By Courtney Epton, White public school parent in NYC & some
I used to think I was born in the wrong decade. For years and years I thought perhaps I was from the past. But this week, this month, this year, I am coming to terms with a new truth – that I am, at times, from the future.
In my brief but brilliant stint working alongside the inimitable Crystal Martin, PhD, we designed and facilitated spaces for educators with Freedom Dreaming by Robin D.G. Kelley as our anchor. During this time I kept asking myself – what does radical imagining look like for White people? Since I am a White people, I continue to ask and to be rooted in this question.
This inquiry is deeply indebted to Black traditions of radical imagination and Afrofuturism, which have long insisted that dreaming beyond the present is a necessary practice for survival, resistance, and liberation. When I first began to recognize the persistence of this question for me, I spent a lot of time also thinking about how proposing that White people engage in something akin to freedom dreaming may be misplaced – these practices were not designed for the oppressor, the violent racism endemic to White Supremacy Culture does not land on White bodies first or worst. This violence, though, this is the very reason I cannot look away – White people must envision our healed selves as part of liberated futures. To avoid or deny this practice compounds the damage that unhealed White people continue to perpetuate on communities and society at large. And so I dream.

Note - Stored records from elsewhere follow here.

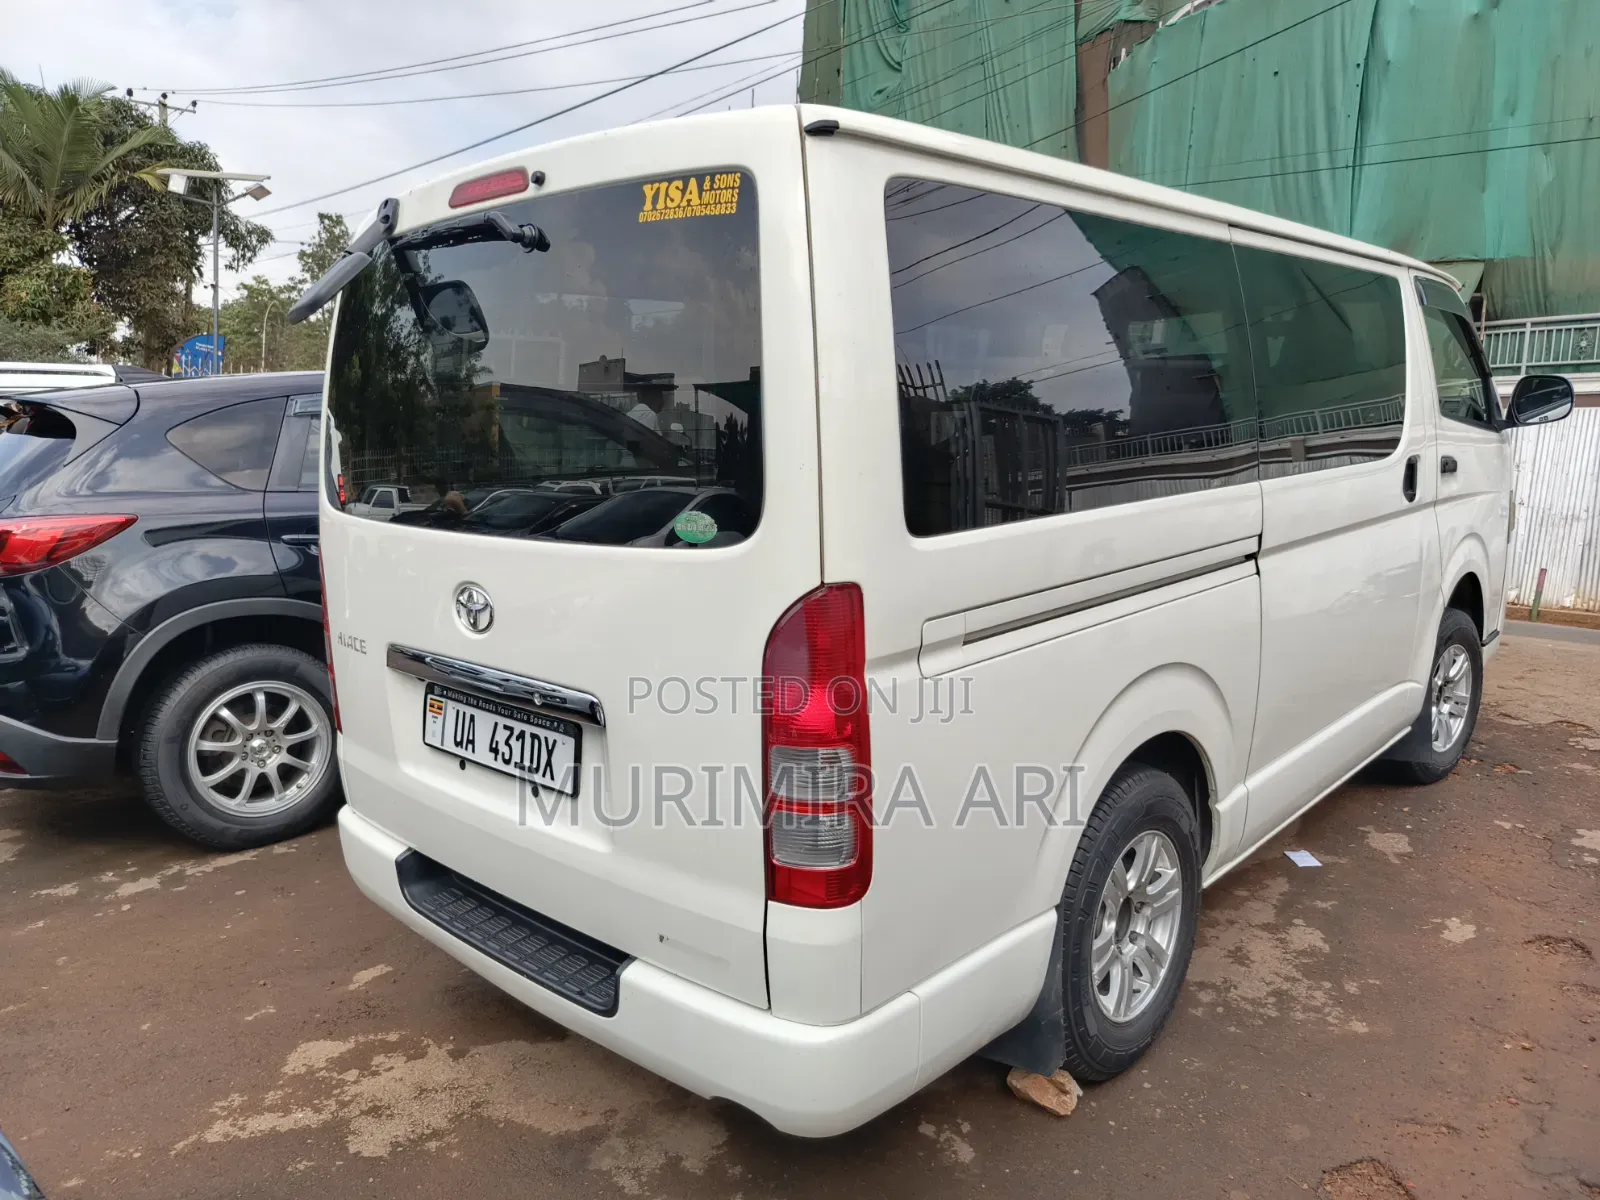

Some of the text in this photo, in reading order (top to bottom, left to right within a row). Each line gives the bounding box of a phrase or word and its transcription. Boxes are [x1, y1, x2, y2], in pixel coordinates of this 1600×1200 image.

[642, 177, 701, 211] YISA
[701, 188, 739, 205] MOTORS
[703, 172, 741, 190] & SONS
[447, 690, 467, 704] Making
[467, 696, 477, 706] the
[478, 700, 496, 711] Roads
[497, 705, 512, 716] Your
[513, 710, 528, 721] Safe
[529, 715, 550, 727] Space
[453, 709, 557, 781] UA 431DX

My dreams have layers, take pit stops, go too far, never go far enough.
As far as I can see: I see through to a time when White People are healed, writ large. We are trusted. We are reconnected to our humanity. We center community and love. We no longer cause harm on a mass scale; rather we contribute to a thriving and liberated society. I can see it because I know people doing the work of shedding the White Supremacy Culture embedded into us for millennia, and the work of people believing we can do this. I can see it, too, because I have children and dream daily of their ongoing generational healing and of the impacts of raising healing White people. I can see what’s possible, because it is happening, and I can dream of what it looks like, what it can mean, at scale.

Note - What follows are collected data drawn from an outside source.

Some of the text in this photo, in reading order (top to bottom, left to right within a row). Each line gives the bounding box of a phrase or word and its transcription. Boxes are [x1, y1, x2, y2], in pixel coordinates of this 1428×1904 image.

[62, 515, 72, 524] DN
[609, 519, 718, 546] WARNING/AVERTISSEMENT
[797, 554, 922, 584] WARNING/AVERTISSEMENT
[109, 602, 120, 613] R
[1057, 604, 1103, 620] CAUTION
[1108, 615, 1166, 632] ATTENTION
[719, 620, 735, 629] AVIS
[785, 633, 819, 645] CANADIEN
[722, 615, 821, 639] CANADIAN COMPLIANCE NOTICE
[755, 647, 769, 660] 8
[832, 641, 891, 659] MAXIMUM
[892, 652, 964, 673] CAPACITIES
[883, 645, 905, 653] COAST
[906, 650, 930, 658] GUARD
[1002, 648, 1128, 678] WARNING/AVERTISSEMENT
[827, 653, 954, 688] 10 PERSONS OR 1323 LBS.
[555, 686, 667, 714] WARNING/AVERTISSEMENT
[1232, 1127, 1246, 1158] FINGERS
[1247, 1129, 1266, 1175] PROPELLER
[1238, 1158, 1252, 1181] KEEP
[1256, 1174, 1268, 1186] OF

A pit stop dream, somewhere between here and there: I dream of a time (with my rose colored glasses this can begin within the Mamdani administration) when we not only recognize racism as a White people problem, but we invest in addressing it as such. Where we devote a part of our attentions to healing White minds and bodies and where detaching from the nasty racism we were taught, both explicitly and implictly, becomes the norm. (See this dream stretched out in Part I here)

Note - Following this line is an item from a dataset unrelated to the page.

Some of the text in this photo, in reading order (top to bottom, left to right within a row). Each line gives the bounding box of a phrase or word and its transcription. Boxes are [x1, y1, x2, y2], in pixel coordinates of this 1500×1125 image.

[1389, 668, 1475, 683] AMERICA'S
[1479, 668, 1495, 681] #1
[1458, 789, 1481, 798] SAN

When Courtney Mykyktn said, “People like you do things like this,” I now hear ‘things like this’ to mean stay connected to your humanity, release White Supremacy Culture from your body. I hear in her words that, although the whole world may seem to tell you that you and your people are too broken, you are not; that when we talk about our collective liberation being tied together, you are a part of that collective.
Though I deeply, painfully see and understand why this is all, for now, just a dream, I reject the idea that this vision of the future is impossible. As a fervent student of anti-racist and equity frameworks, my own sense of worth on this planet requires that I ask – what would a future look like that affirms the humanity of White people and believes in our capacity to heal as part of educational equity and justice work?
My most persistent, most tangible dream (already in process in some very special spaces): I dream of school communities across the country where the language of understanding and dismantling White Supremacy Culture is shared among staff and families and young people, causing barriers – to access and to humanity – to collapse, collective healing to thrive, and imaginations to soar.